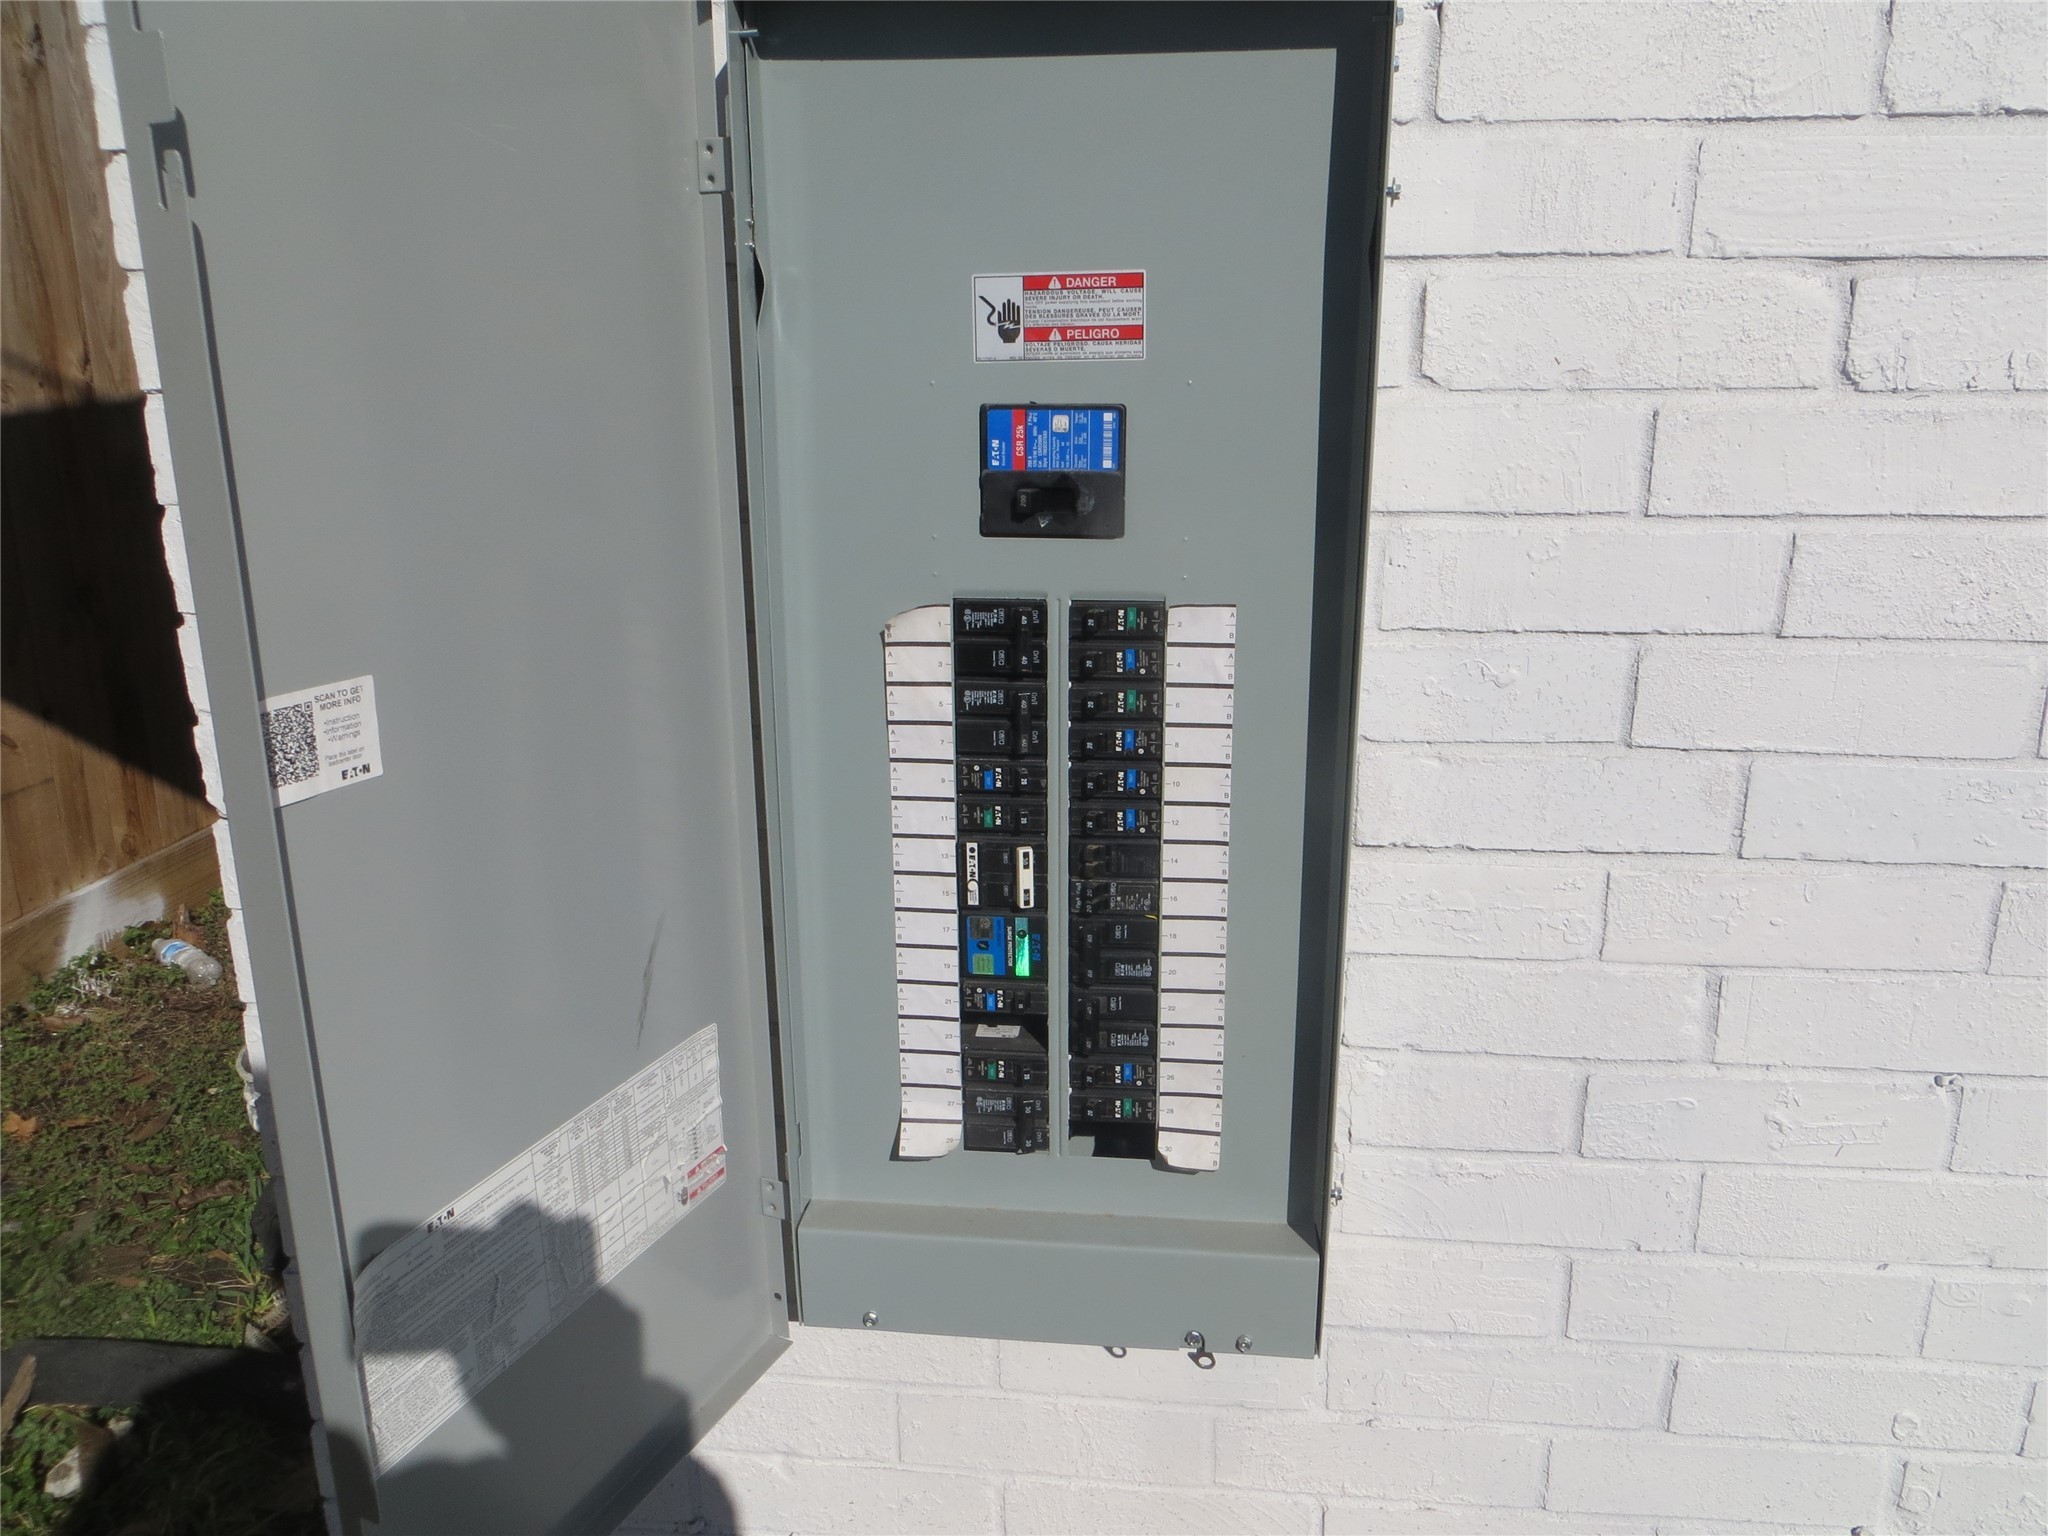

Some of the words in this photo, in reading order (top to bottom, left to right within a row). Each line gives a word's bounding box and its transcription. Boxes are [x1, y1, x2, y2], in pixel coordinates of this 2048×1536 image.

[1066, 276, 1117, 288] DANGER
[1066, 328, 1120, 339] PELIGRO
[1016, 425, 1024, 439] 25k
[1016, 440, 1024, 457] CSR
[1020, 494, 1028, 507] 200
[1021, 615, 1028, 625] 40
[1087, 618, 1095, 626] 20
[1021, 656, 1028, 665] 40
[1086, 660, 1093, 668] 20
[314, 690, 336, 703] SCAN
[337, 689, 348, 699] TO
[350, 685, 363, 695] GET
[319, 700, 342, 711] MORE
[344, 695, 361, 706] INFO
[1087, 701, 1094, 709] 20
[1086, 888, 1093, 897] 20
[1086, 904, 1093, 913] 20
[1025, 1106, 1032, 1114] 30
[1087, 1109, 1094, 1117] 20
[1025, 1139, 1032, 1148] 30
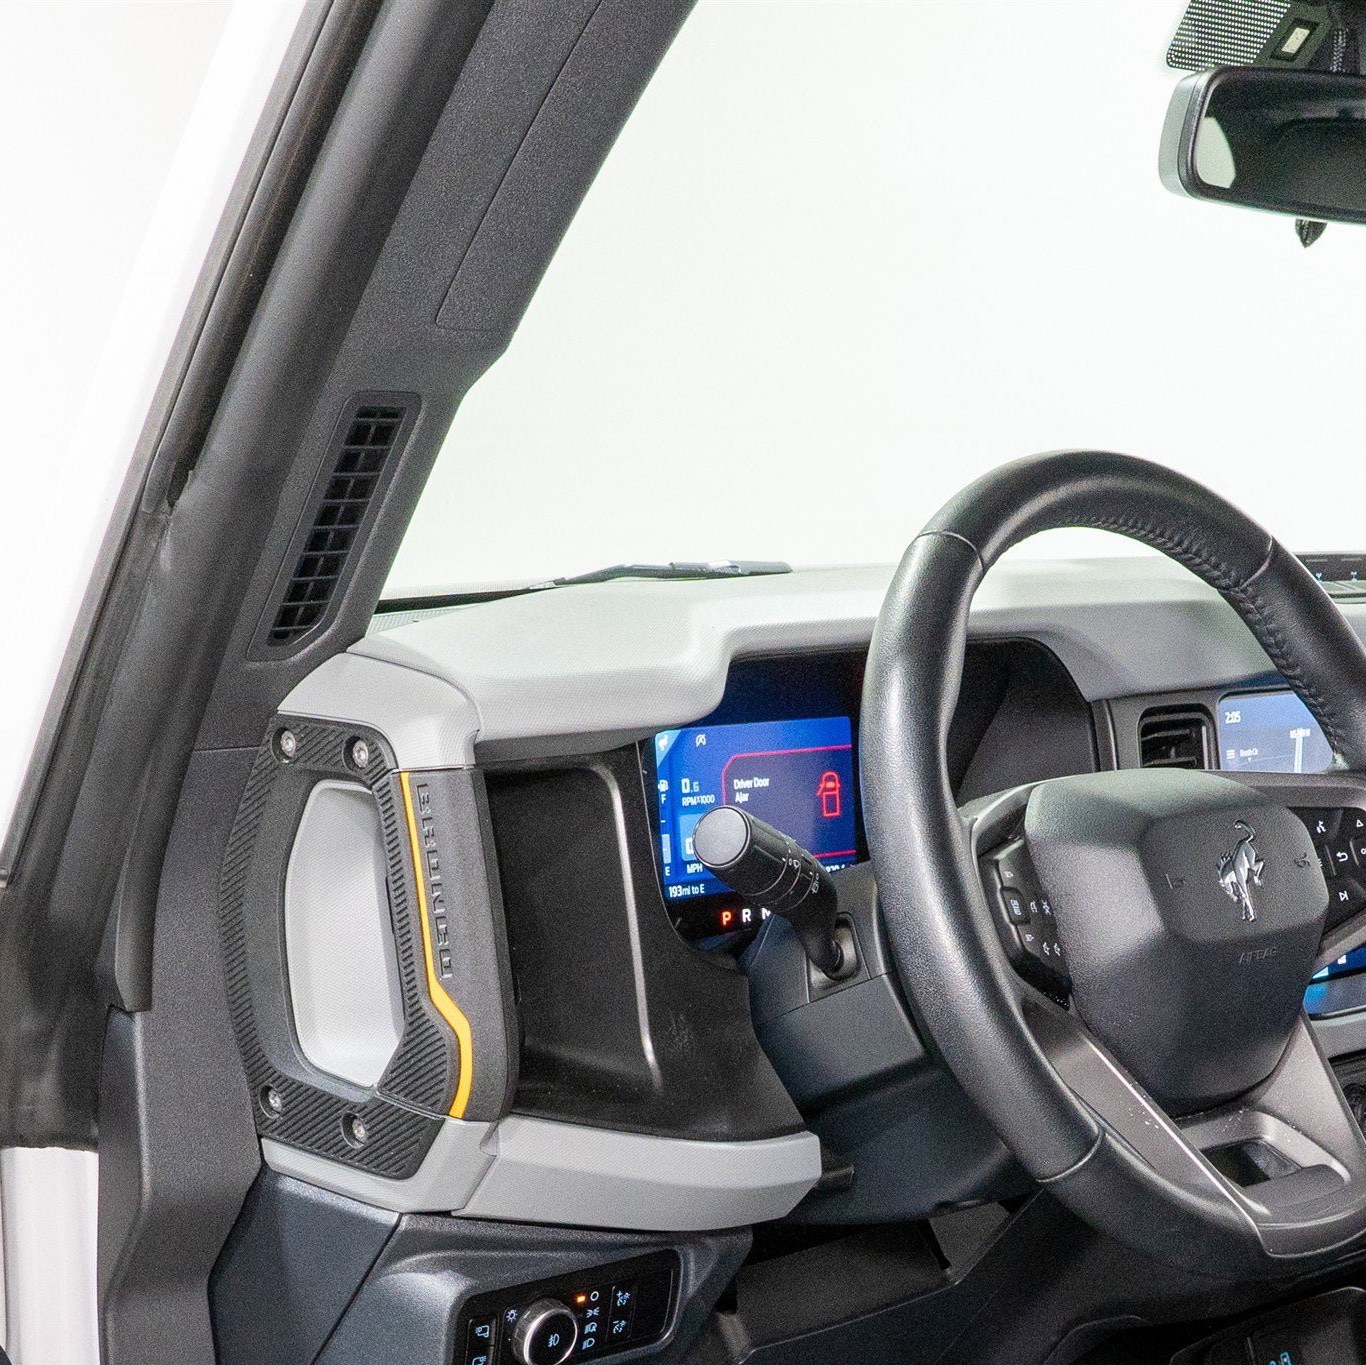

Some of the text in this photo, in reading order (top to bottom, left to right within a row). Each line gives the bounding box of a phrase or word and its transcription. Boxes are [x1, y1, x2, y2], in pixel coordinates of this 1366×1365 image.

[733, 777, 770, 790] Driver Door
[661, 794, 667, 804] F
[735, 792, 749, 804] Ajar
[665, 866, 671, 877] E
[686, 863, 703, 874] MPH
[722, 911, 732, 926] P
[742, 908, 751, 922] R
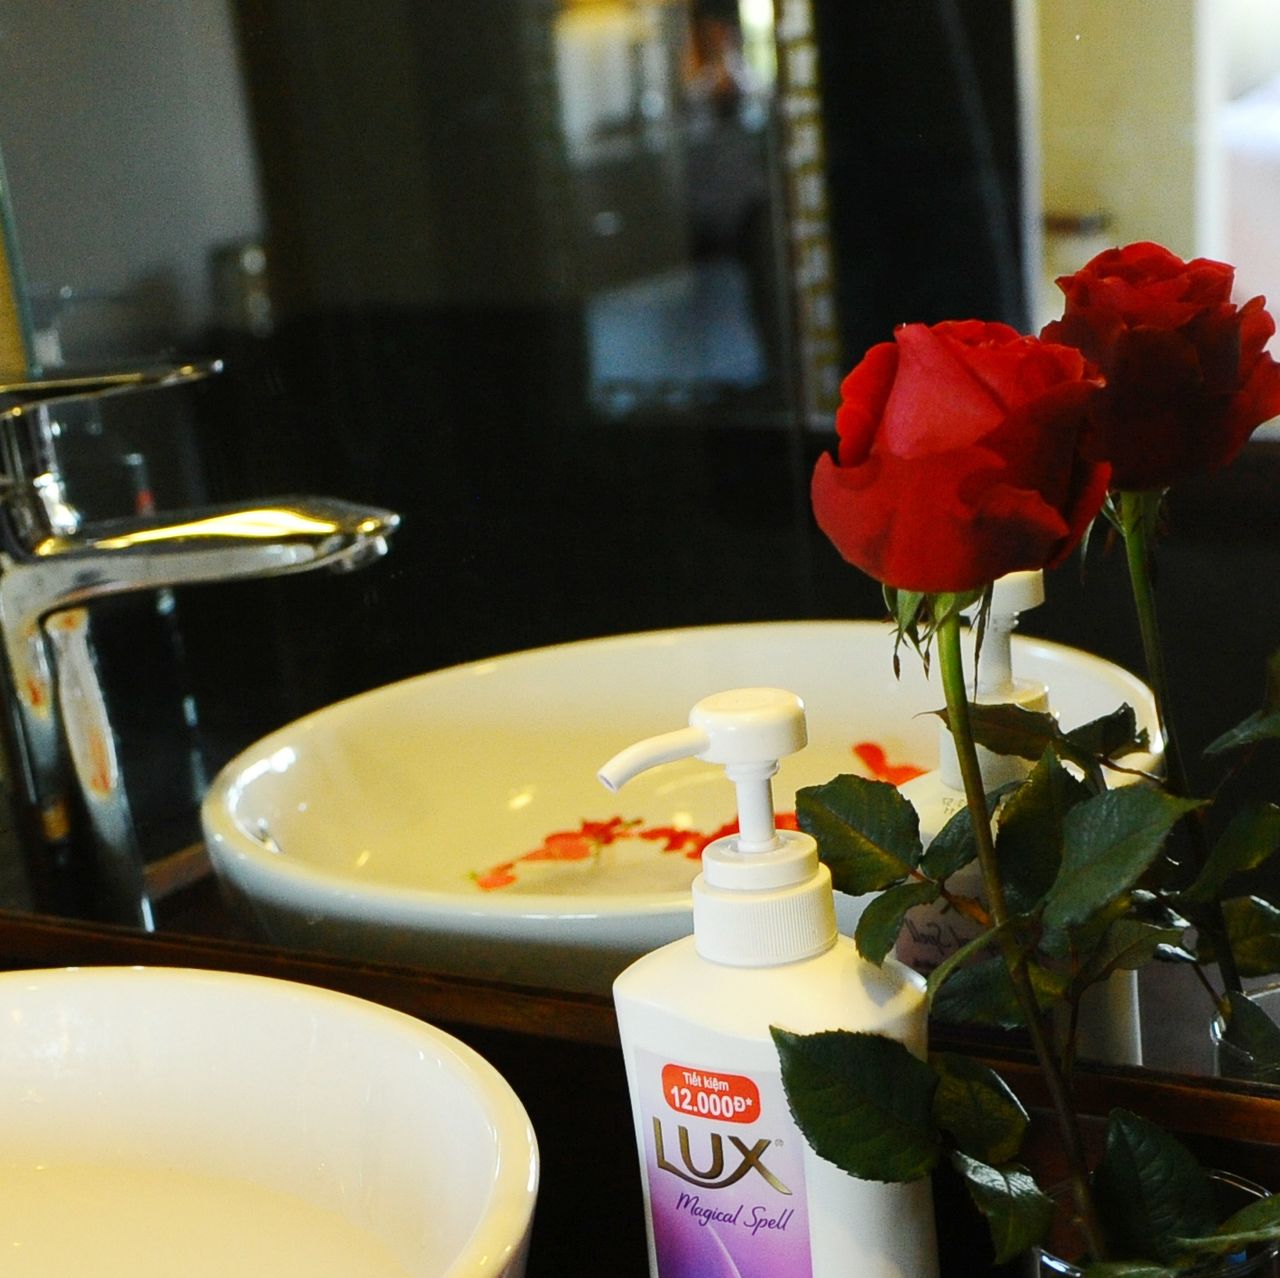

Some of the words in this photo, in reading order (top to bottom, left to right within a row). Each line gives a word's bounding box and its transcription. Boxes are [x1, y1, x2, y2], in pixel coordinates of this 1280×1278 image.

[682, 1071, 702, 1088] Tiết
[703, 1075, 730, 1092] kiệm
[652, 1116, 793, 1196] LUX
[675, 1192, 744, 1228] Magical
[743, 1206, 795, 1237] Spell

**Exercise details**
Once the pictures are set aside, what is needed is the lines from the line with "Some of the text" through the end of the data, written out exactly and alone.

**Solution to this problem**
Some of the text in this photo, in reading order (top to bottom, left to right within a row). Each line gives the bounding box of a phrase or word and its transcription. Boxes are [x1, y1, x2, y2], in pixel coordinates of this 1366×1365 image.

[733, 777, 770, 790] Driver Door
[661, 794, 667, 804] F
[735, 792, 749, 804] Ajar
[665, 866, 671, 877] E
[686, 863, 703, 874] MPH
[722, 911, 732, 926] P
[742, 908, 751, 922] R

Some of the words in this photo, in reading order (top to bottom, left to right within a row). Each line gives a word's bounding box and its transcription. Boxes are [x1, y1, x2, y2], in pixel coordinates of this 1280×1278 image.

[682, 1071, 702, 1088] Tiết
[703, 1075, 730, 1092] kiệm
[652, 1116, 793, 1196] LUX
[675, 1192, 744, 1228] Magical
[743, 1206, 795, 1237] Spell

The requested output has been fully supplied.